Work task:
Quote the entries in full, character for character, without their images.

[Saved entries]
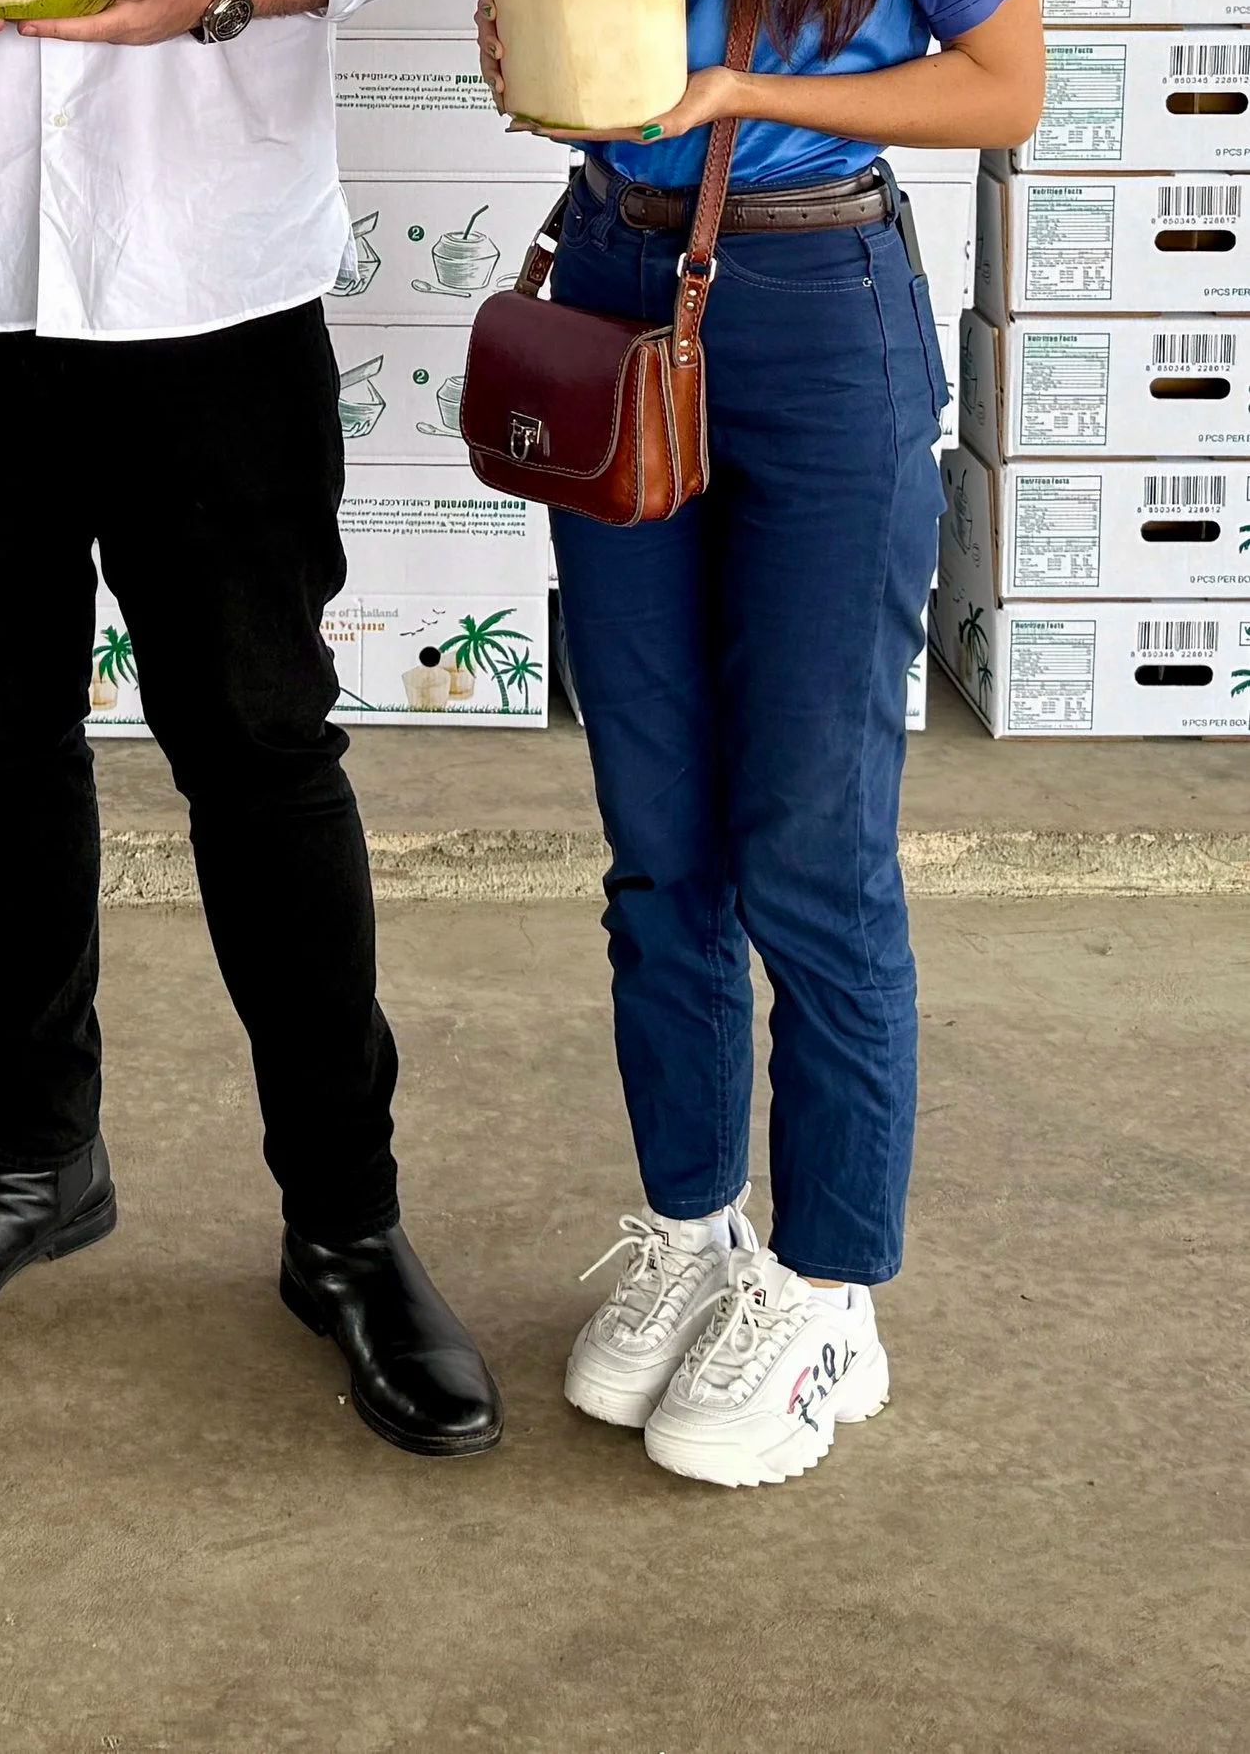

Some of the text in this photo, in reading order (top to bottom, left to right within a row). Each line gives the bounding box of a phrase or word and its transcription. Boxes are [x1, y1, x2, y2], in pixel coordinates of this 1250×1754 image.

[1226, 6, 1232, 14] 9
[1074, 46, 1093, 54] Facts
[1174, 76, 1208, 84] 850345
[1215, 148, 1242, 156] 9 PCS
[1204, 288, 1210, 296] 9
[434, 500, 526, 510] Keep Refrigerated
[339, 609, 398, 617] of Thailand
[340, 621, 384, 630] Young
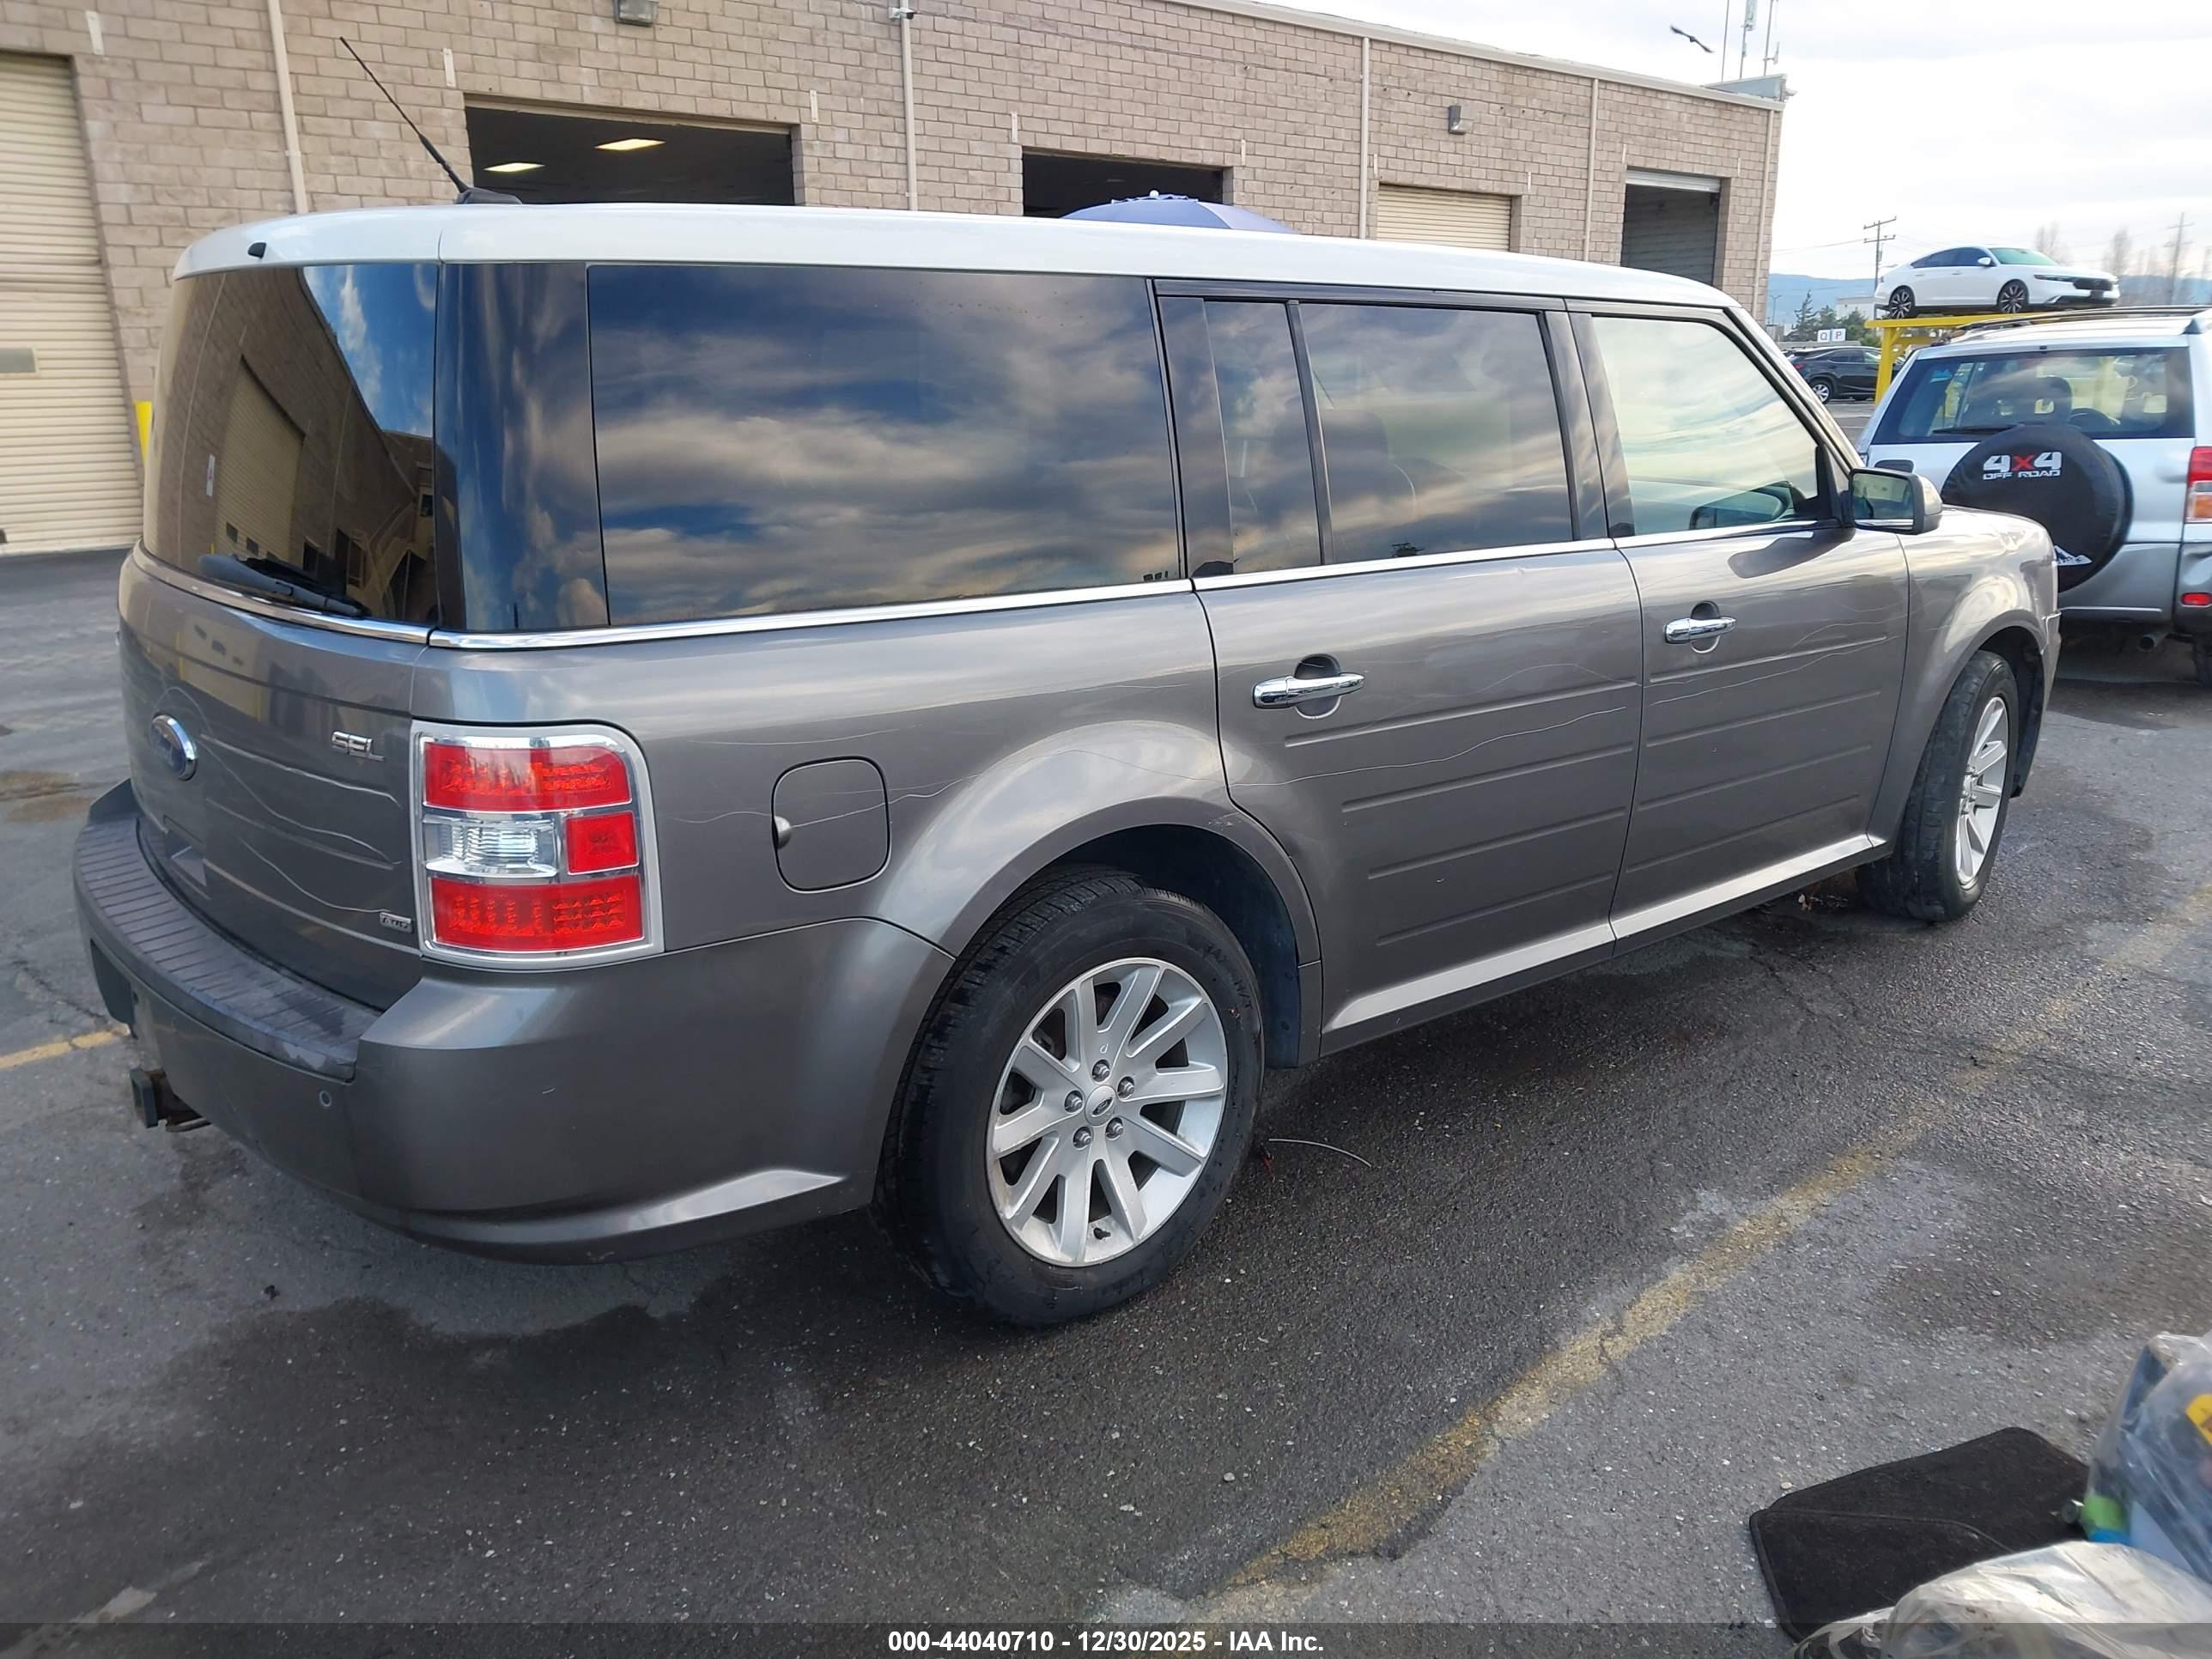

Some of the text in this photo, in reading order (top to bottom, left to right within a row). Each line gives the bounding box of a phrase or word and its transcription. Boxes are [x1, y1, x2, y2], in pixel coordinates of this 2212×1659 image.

Answer box:
Some of the text in this photo, in reading order (top to bottom, left to right within a row). Each line gives the bounding box of a phrase or word and its transcription. Boxes are [x1, y1, x2, y2], in pixel coordinates of this 1250×1754 image.

[1226, 6, 1232, 14] 9
[1074, 46, 1093, 54] Facts
[1174, 76, 1208, 84] 850345
[1215, 148, 1242, 156] 9 PCS
[1204, 288, 1210, 296] 9
[434, 500, 526, 510] Keep Refrigerated
[339, 609, 398, 617] of Thailand
[340, 621, 384, 630] Young

Some of the text in this photo, in reading order (top to bottom, left to right within a row). Each line gives the bounding box of a phrase or word and its transcription. Boxes are [x1, y1, x2, y2], in pixel coordinates of this 2212×1659 image.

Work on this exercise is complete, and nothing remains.